Per molto tempo è stata tratta come una scrittrice di serie B, una leziosa gossippara senza peso né talento, tuttavia i suoi scritti, come velieri, sono giunti fino noi avanzando di decade in decade e quello che ci troviamo della Babitz è una rappresentazione totalmente inedita della città, che oltre ad averle donato gli annali, è stata la sua folle Mecca: Los Angeles.

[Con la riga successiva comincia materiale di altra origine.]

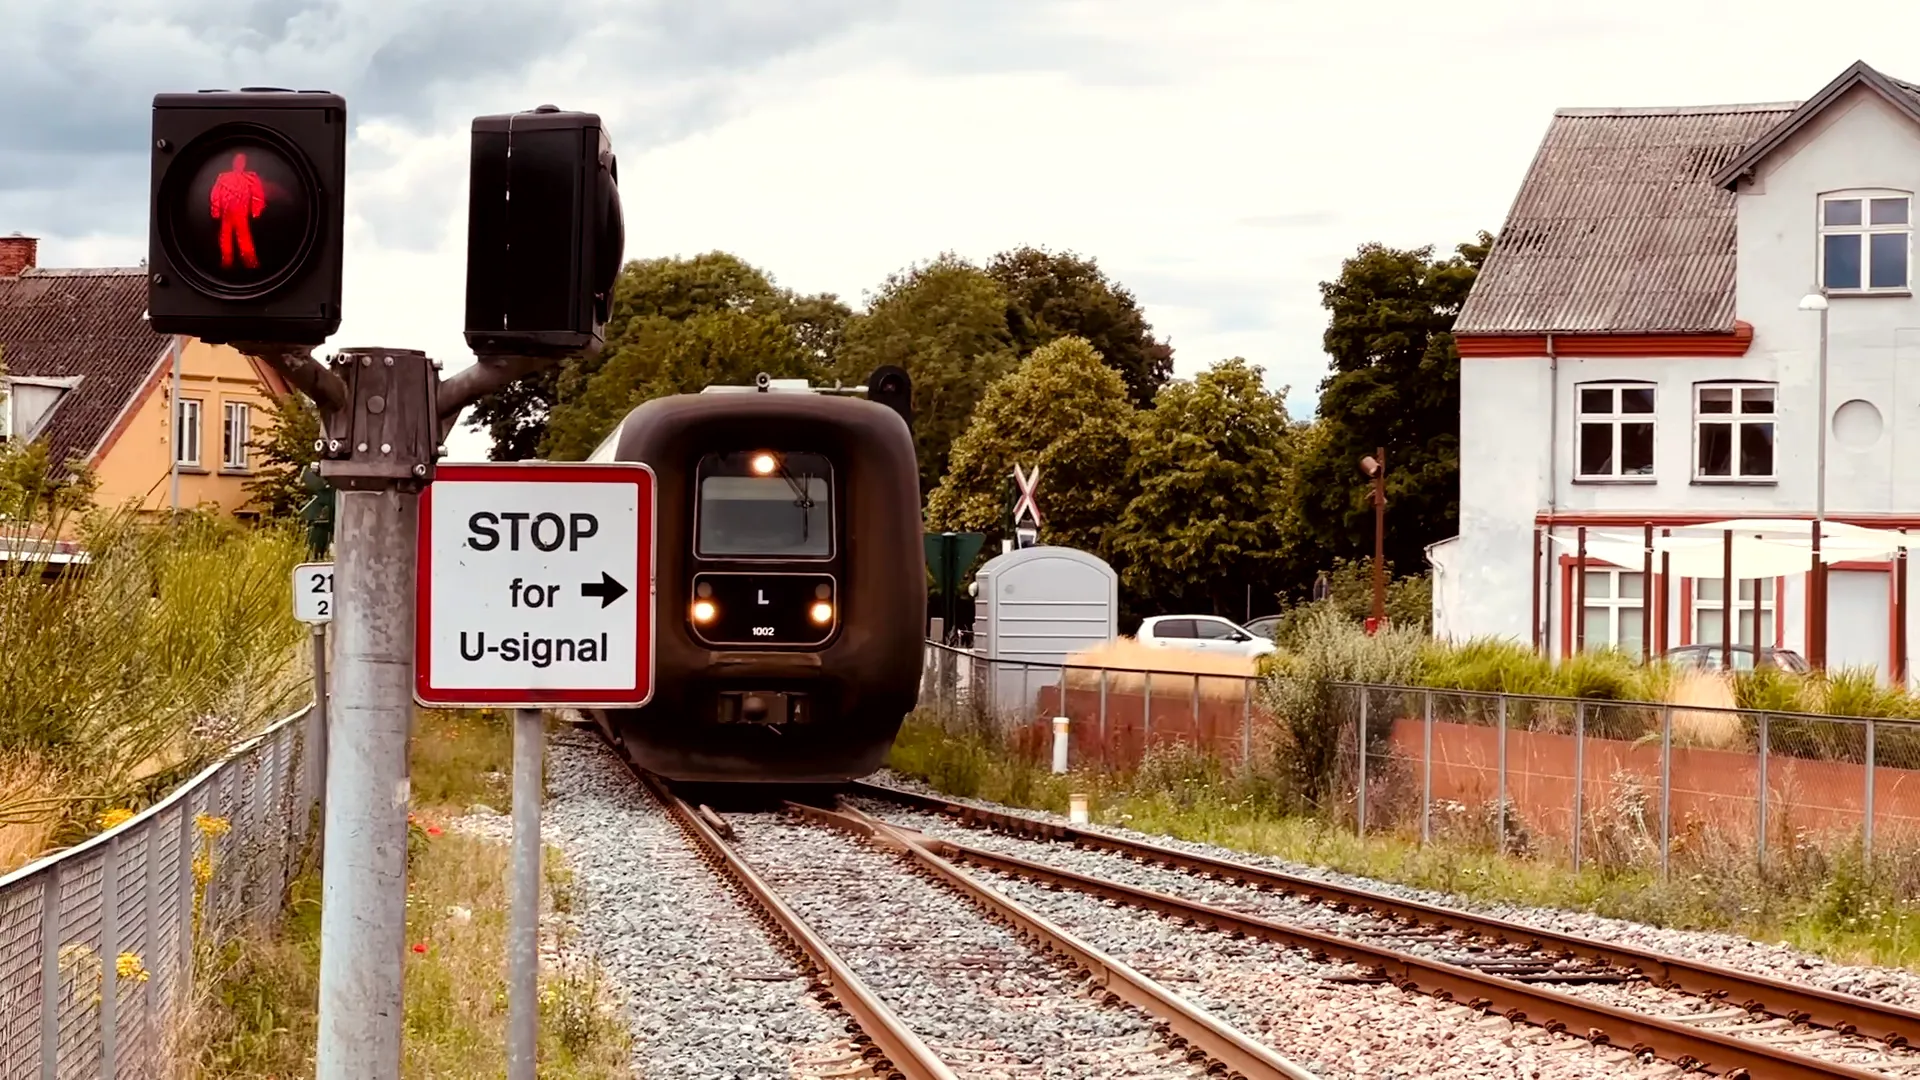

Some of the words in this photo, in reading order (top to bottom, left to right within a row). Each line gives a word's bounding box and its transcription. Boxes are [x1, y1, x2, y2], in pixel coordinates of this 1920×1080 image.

[467, 512, 599, 552] STOP
[311, 573, 334, 593] 21
[509, 578, 561, 608] for
[757, 589, 770, 605] L
[317, 600, 329, 615] 2
[752, 627, 775, 636] 1002
[460, 632, 608, 668] U-signal

Ma chi è Eve Babitz? La Babitz è in primis una donna che trasuda libertà, figlia di un tempo in cui si lottava per averne. Il suo retaggio culturale è sicuramente stato di grande aiuto nel plasmare la sua identità, la Babitz infatti, era figlia di Mae Babitz artista nota per le sue stampe architettoniche e di Sol Babitz violinista contralto della 20th Century Fox. Non meno noto il suo padrino: il celebre violinista Igor Stravinsky (che era solito allungargli alcolici sotto il tavolo ad ogni cena di famiglia). Come potete intuire, nulla del retaggio culturale della Babitz si declina in note conformi a quello che era l’ordinario mondo degli anni 60, ( viene ancora ricordata come la ragazza che nel 1963 giocò nuda a scacchi con il campione Marcel Dunchamp).

Photo Credit: Amazon

La sua carriera come artista cominciò nell’industria musicale, realizzando copertine di album musicali. Successivamente i suoi articoli e racconti sono apparsi su riviste come: Rolling StoneThe Village, VoiceVogueCosmopolitan e Esquire, ma è grazie ai suoi libri che riesce davvero a svelarsi e a far conoscere al mondo una realtà losangelina che mai avremo immaginato.

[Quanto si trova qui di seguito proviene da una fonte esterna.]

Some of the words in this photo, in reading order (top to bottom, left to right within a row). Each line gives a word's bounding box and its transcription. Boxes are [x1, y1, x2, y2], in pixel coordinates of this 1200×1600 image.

Ho voluto avviare questa “operazione Babitz” con il libro Slow Days, Fast Company: Il mondo, la carne. L.A poiché considerato uno degli scritti più intimi della Babitz. Potremmo definire il genere come una sorta di memoir/fiction, tuttavia non sono i tecnicismi che mi hanno appassionato a questa lettura, ma la realtà color seppia raccontata nelle sue pagine, una realtà che sa di tempi lontani, tempi in cui tutto sembrava possibile, dove si potevano intrattenere conversazioni con artisti, scrittori e musicisti di ogni età e genere, dove l’arte era parte dell’ordinario e molto spesso veniva accantonata per far spazio alla disillusione nei confronti dell’amore.

“L’arte scompare sempre ma il sesso anche prima”

Per la Babitz l’amore era solo un falso idolo della sua epoca e tentò in tutti modi di non farsi ammaliare, ciò la rese forse più sola e cinica ma anche tremendamente libera. Questo disincanto emozionale la portò spesso a ridurre le proprie relazioni a degli incontri occasionali; la Babitz non si aspettava mai il lieto fine, poiché cosciente del fatto che portasse solo alla morte dell’autodeterminazione femminile. Ella ammette senza mezzi termini che le donne fossero in qualche modo nate per la rinuncia e la sofferenza in nome di un amore che le avrebbe distrutte; questo fu tutto ciò da cui fuggì. Compensò il suo “nichilismo sentimentale” con un amore molto più grande ed intimo : quello per la sua città, Los Angels.

Photo Credit: Rivista Studio

“Le donne sono pronte a soffrire per amore; è scritto nel certificato di nascita. Le donne non sono pronte ad avere tutto, non il tutto legato al successo. Cioè, non quando il tutto consiste nel vivere per sempre felici e contente con il principe azzurro ( cosa che, anche se dovesse succedere e poi il principe scappasse con la babysitter, creerebbe quantomeno un precedente). Non ci sono precedenti di donne che riescono a ottenere il loro tutto e scoprono che non è la risposta. Soprattutto se ottieni fama, soldi e amore cantando a squarciagola quanto sei triste e a pezzi.”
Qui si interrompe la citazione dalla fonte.